Text-to-region grounding data:
----------------------------------------
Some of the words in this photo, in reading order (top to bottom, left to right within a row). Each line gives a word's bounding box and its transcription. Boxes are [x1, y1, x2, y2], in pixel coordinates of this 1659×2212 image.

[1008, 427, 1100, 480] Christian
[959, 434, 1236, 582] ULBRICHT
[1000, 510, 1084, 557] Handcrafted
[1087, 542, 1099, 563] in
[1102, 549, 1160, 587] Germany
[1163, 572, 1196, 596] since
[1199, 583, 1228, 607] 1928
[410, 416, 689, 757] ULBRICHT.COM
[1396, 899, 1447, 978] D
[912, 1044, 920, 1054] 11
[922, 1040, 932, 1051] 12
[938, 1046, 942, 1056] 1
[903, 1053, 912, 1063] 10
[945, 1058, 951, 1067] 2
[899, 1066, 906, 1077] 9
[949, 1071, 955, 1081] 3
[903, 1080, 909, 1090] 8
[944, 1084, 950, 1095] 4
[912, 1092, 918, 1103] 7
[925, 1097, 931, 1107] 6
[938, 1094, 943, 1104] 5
----------------------------------------
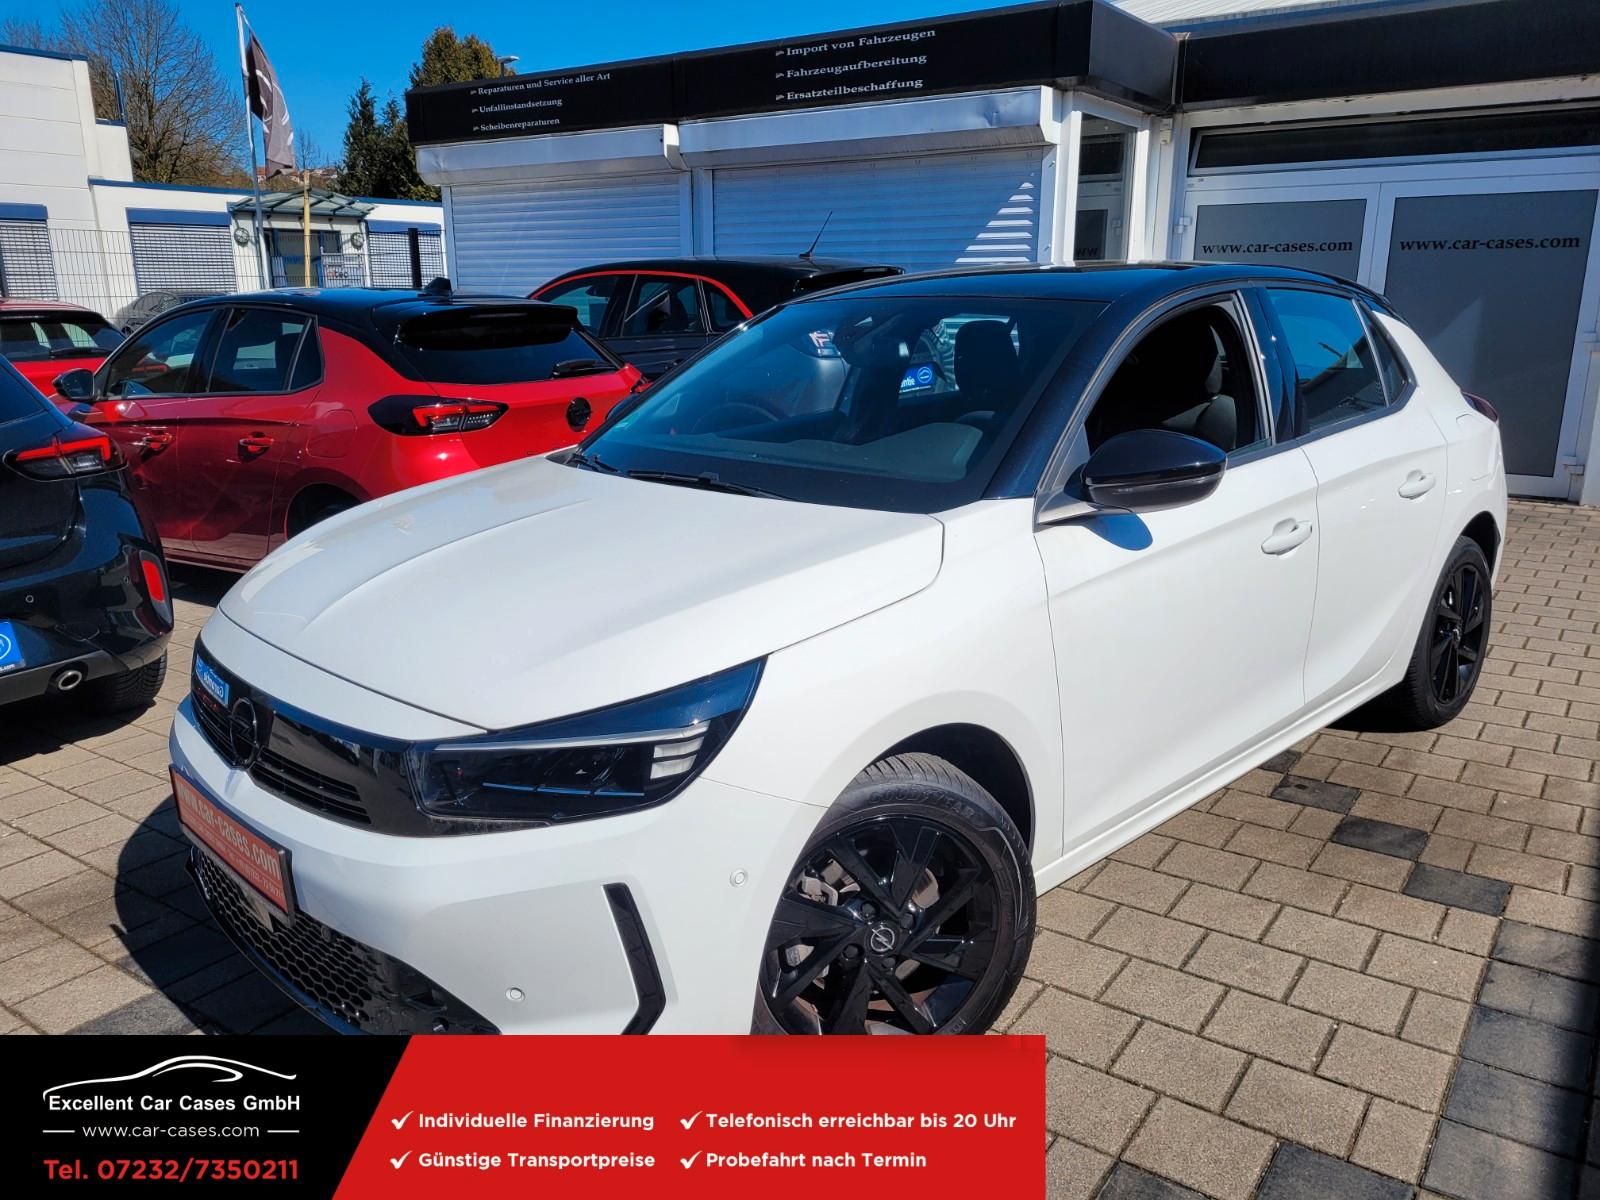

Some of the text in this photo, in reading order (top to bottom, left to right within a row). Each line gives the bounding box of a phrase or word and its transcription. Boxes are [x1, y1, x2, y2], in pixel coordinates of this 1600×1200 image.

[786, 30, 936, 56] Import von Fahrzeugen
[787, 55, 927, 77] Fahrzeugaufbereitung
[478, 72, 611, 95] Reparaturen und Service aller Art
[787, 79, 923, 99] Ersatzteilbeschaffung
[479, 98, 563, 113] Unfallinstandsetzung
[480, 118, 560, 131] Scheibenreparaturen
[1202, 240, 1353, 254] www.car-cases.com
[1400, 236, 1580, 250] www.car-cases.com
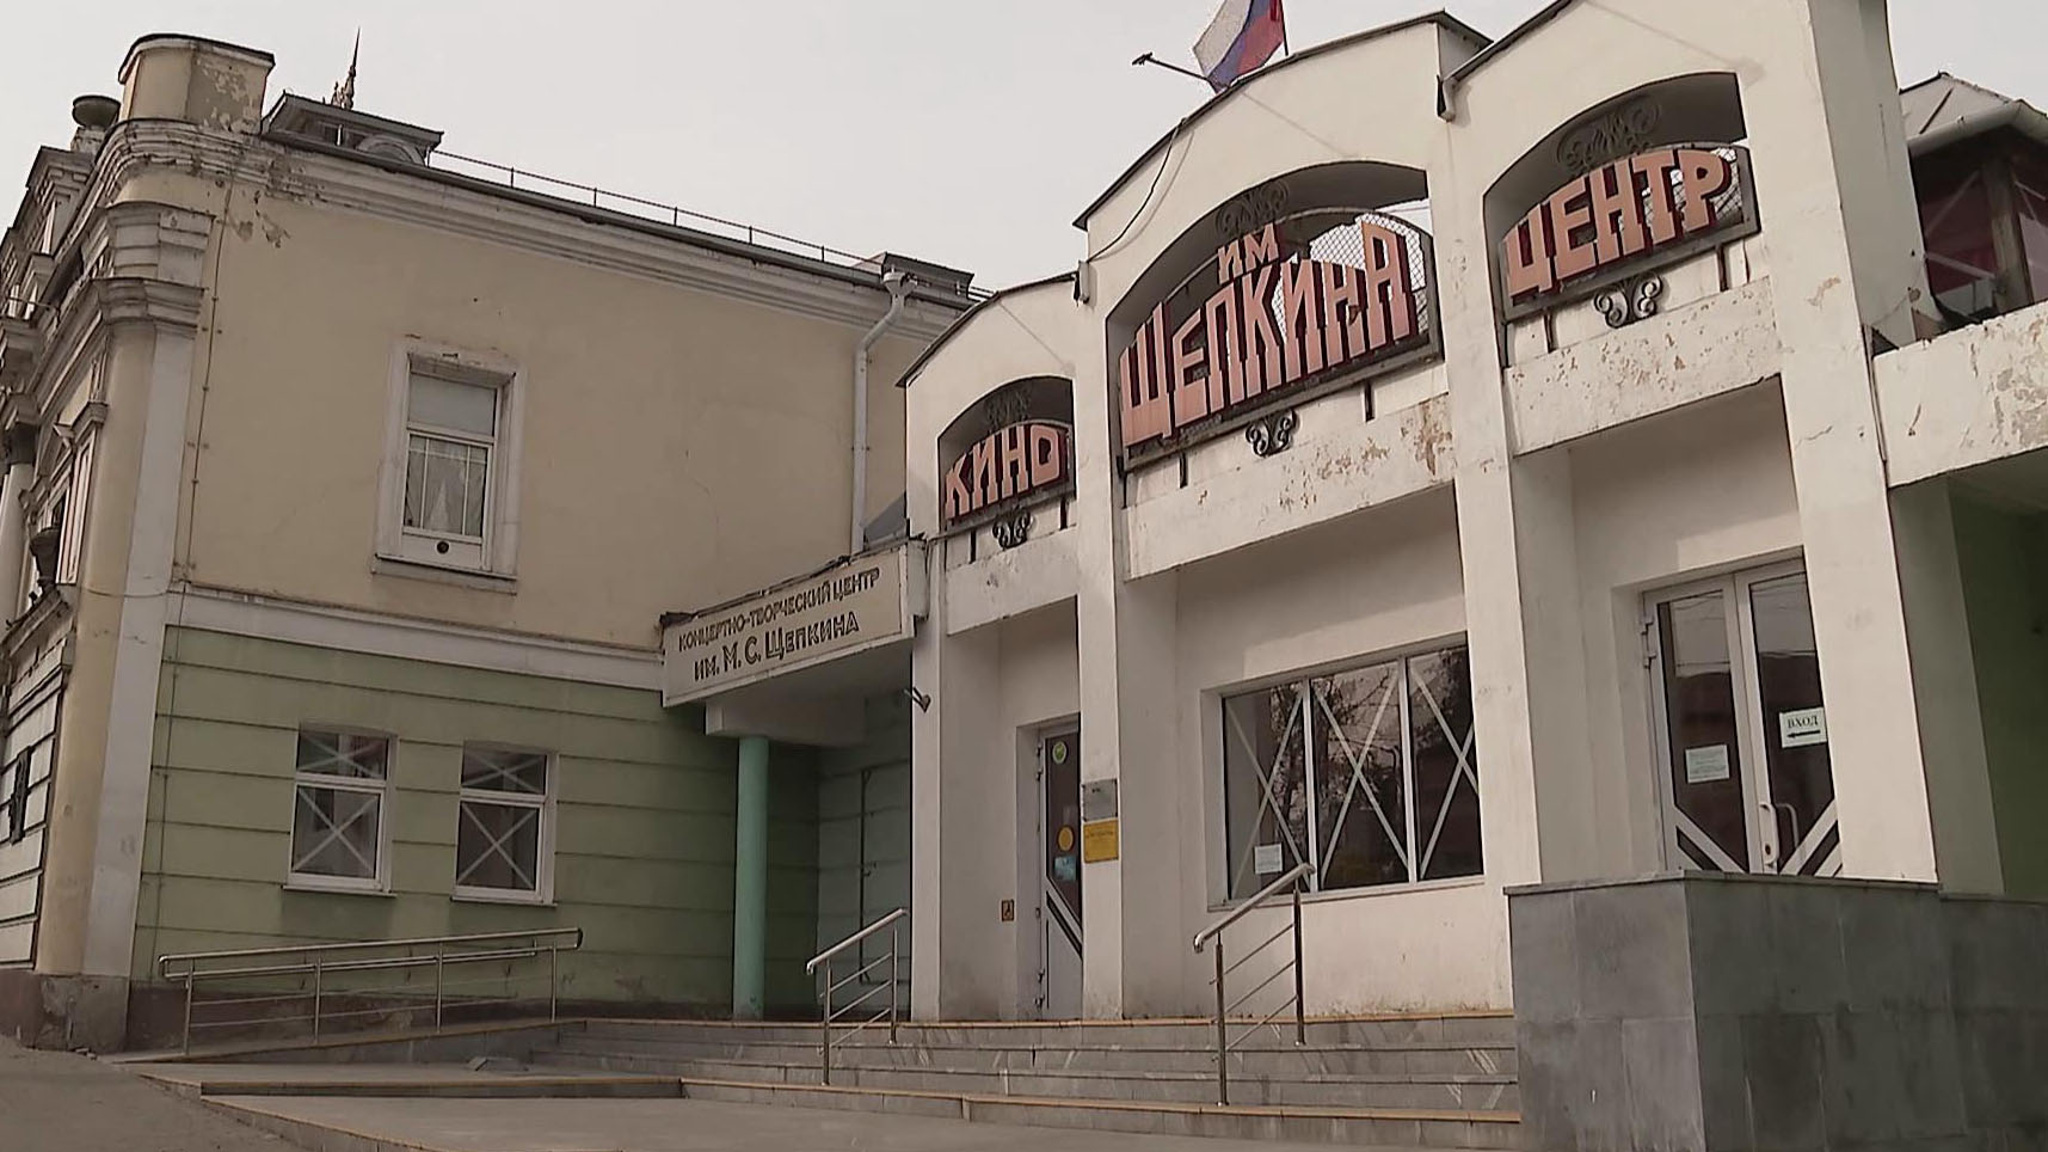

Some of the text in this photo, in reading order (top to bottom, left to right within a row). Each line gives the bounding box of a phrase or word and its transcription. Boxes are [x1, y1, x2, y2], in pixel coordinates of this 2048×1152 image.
----------------------------------------
= Directions for this task =
Return exactly the lines above, from the one with "this 1600×1200 image." up to and including the one with "this 2048×1152 image.", and include no pictures.

= Your response =
Some of the text in this photo, in reading order (top to bottom, left to right within a row). Each line gives the bounding box of a phrase or word and its transcription. Boxes are [x1, y1, x2, y2], in pixel coordinates of this 1600×1200 image.

[786, 30, 936, 56] Import von Fahrzeugen
[787, 55, 927, 77] Fahrzeugaufbereitung
[478, 72, 611, 95] Reparaturen und Service aller Art
[787, 79, 923, 99] Ersatzteilbeschaffung
[479, 98, 563, 113] Unfallinstandsetzung
[480, 118, 560, 131] Scheibenreparaturen
[1202, 240, 1353, 254] www.car-cases.com
[1400, 236, 1580, 250] www.car-cases.com

Some of the text in this photo, in reading order (top to bottom, left to right within a row). Each line gives the bounding box of a phrase or word and its transcription. Boxes are [x1, y1, x2, y2], in pixel coordinates of this 2048×1152 image.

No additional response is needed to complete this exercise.